▶
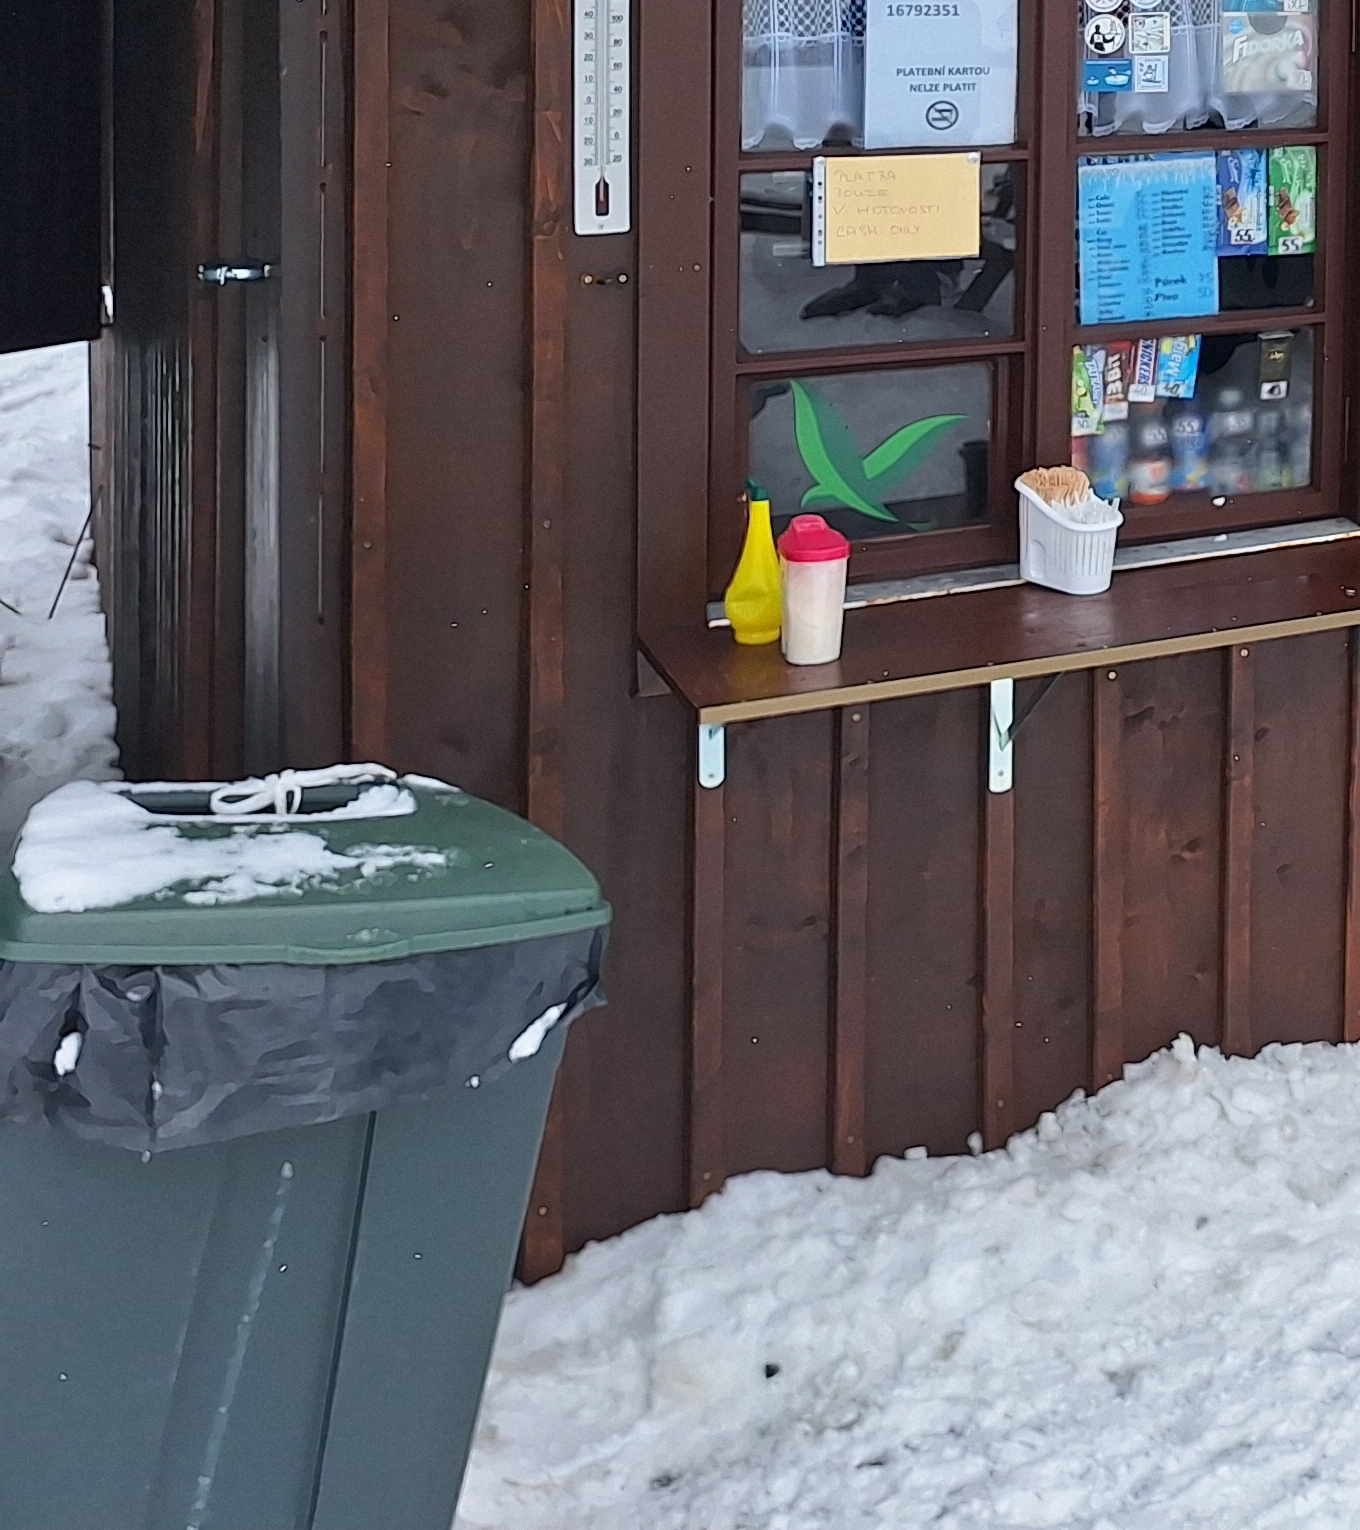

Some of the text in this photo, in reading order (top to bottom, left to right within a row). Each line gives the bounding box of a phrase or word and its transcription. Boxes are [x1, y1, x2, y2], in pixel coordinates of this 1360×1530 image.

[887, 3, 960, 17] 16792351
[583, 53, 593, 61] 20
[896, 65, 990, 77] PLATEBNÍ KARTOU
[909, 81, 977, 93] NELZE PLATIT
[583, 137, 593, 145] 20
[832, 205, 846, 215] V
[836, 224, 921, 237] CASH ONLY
◀
*What is required:* Omitting all pictures, reproduce the records above in their entirety.

*Result of this exercise:*
Some of the text in this photo, in reading order (top to bottom, left to right within a row). Each line gives the bounding box of a phrase or word and its transcription. Boxes are [x1, y1, x2, y2], in pixel coordinates of this 1360×1530 image.

[887, 3, 960, 17] 16792351
[583, 53, 593, 61] 20
[896, 65, 990, 77] PLATEBNÍ KARTOU
[909, 81, 977, 93] NELZE PLATIT
[583, 137, 593, 145] 20
[832, 205, 846, 215] V
[836, 224, 921, 237] CASH ONLY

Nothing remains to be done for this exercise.